Benchmark Instructions Sim-bpred Time (sec) perlbmk 205927571 80 ammp 45838888 21 gcc 96761516 39 mcf 187806891 91 parser 269103374 108 a) How to run the benchmarks? I have made a few scripts that will help you with this assignment. These are ~cs146/run_scripts/ on the FAS system. There are two scripts that you will fine here run_spec2k.pl and extract_results.pl. These two perl scripts have all of the information that you will need to run the benchmarks. You will just need to setup your account and configure the script for this assignment. Steps 1) Go to your home directory and make two directories run_scripts and results (ie. mkdir run_scripts). This can be in the root of your home directory or somewhere else. For example you may have a subdirectory cs146 where you will put all of your cs146 coursework. You should also have your simplesim-3.0 directory in here. 2) Copy the scripts from ~cs146/run_scripts to this directory. 3) First edit run_spec2k.pl. There are a few things to note in this script. First, the third definition of @BENCH_LIST lists the benchmarks that the script will run. Edit this to add or subtract benchmarks that you would like to run. Now skip all the way to near the end of the script where it says $HOME_DIR =. Change this directory to where you did mkdir run_scripts above. You can also change the binary that you are simulating with by changing the $SIM_BIN variable in the base script it is set for sim-fast you will want to change this to sim-bpred for this assignment. Now you can just execute./run_spec2k.pl to run the simulations for this assignment. All of the results will be stored in your results directory with the subdirectory of the benchmark names. 4) Make similar changes to the extract_spec2k.pl file. This file will help you automatically extract the result data from your results directory. Change @STAT_LIST to print out additional stats (for example the branch predictor hit rates, etc). Just enter the new simplescalar stat name into the list.

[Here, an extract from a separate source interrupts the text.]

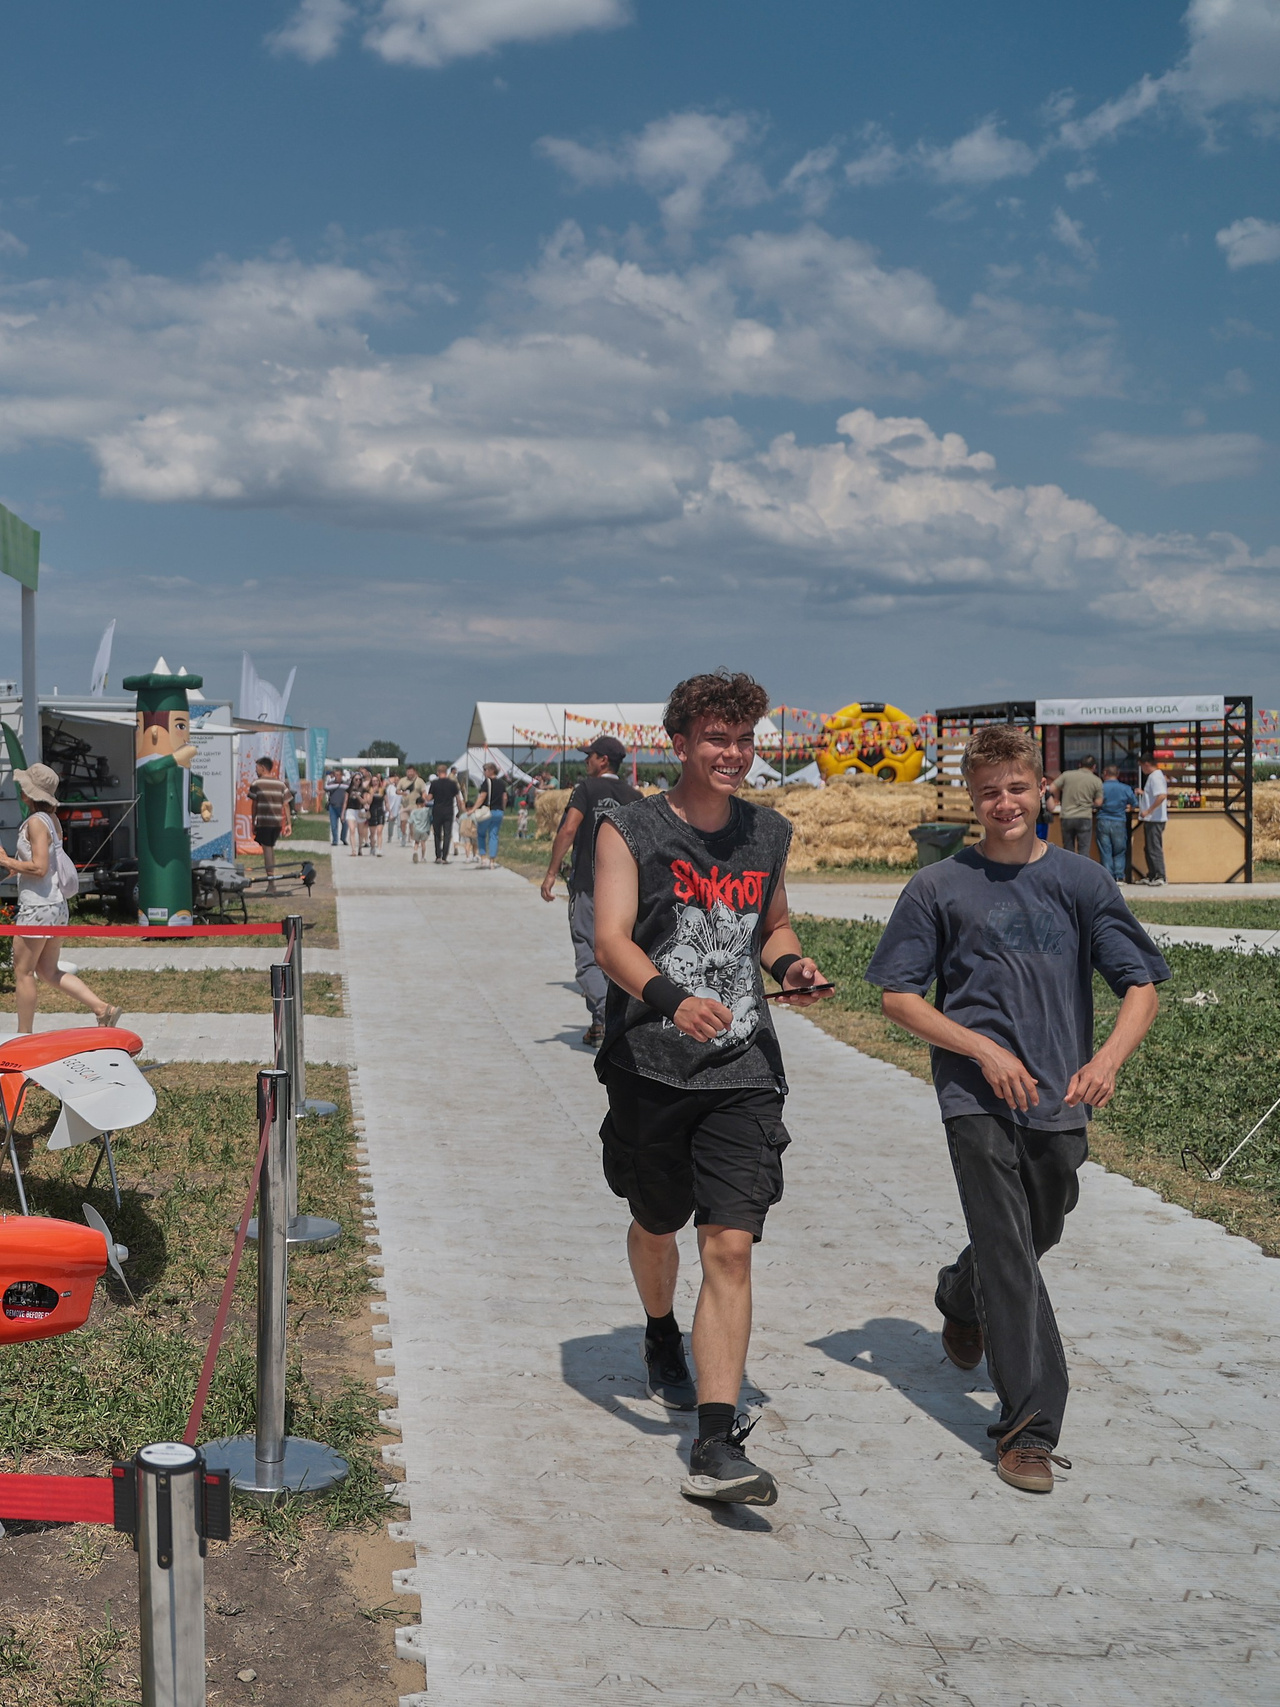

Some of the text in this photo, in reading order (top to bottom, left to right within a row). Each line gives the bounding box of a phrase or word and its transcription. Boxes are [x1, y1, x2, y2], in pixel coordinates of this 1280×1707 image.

b) Problem Statement. This problem involves a design space exploration study. Recall that 2-bit saturating counters are preferable to 1-bit counters because they provide some hysteresis for the branch decisions. However, using 2-bit counters requires more space thus leaving less room for entries in the predictor. In this problem, we want to explore varying the number of bits in these counters (1-bit or 2-bits) vs. the number of entries in the branch predictor. The point of this assignment is to determine whether the extra storage space is better spent on more entries or more and if there is a crossover point where one option becomes more efficient than the other. This will require some minor changes to the bpred.c code to support the 1-bit counter option. The 2-bit counter is the default so this will run out-of-the-box. The changes are pretty minimal after you find where to make them. Choose three of the benchmarks to run with sim-bpred and then simulate with various values of -bpred (this can be changed by adding parameters to the $CONFIG variable in the script better yet use a foreach statement to cycle through all of your combinations make sure that you generate different result files as well -for each configuration). Use the Table on the previous page to make sure that you are correctly running the benchmarks. Try at least the bimodal predictor and at least two 2-level predictors (say, GAp and PAg). c) What to report? The above will require a fair amount of simulations, with about 1-2 minutes required per simulation. You will have three benchmarks, three base predictor configurations (bimodal and two 2-level predictors), and the 1-bit vs. 2-bit counter simulations. Then you will have to perform enough sizing analysis to determine what decision makes the most sense. After you have finished debugging, you may want to make clean and then change the compiler optimization level to -O3 to help speed up your simulations. Even though each simulation only takes a couple of minutes, you will obviously want to automate this process with provided scripts. Let me or Kim know if you need any help with the perl scripts again, the changes required should be minimal. Generate charts that graphically depict which configuration gives the best predictor accuracy for the least amount of hardware and comment on your results. Clearly state which predictors you used (you may want to draw the diagrams) and how many bits are used in the various places.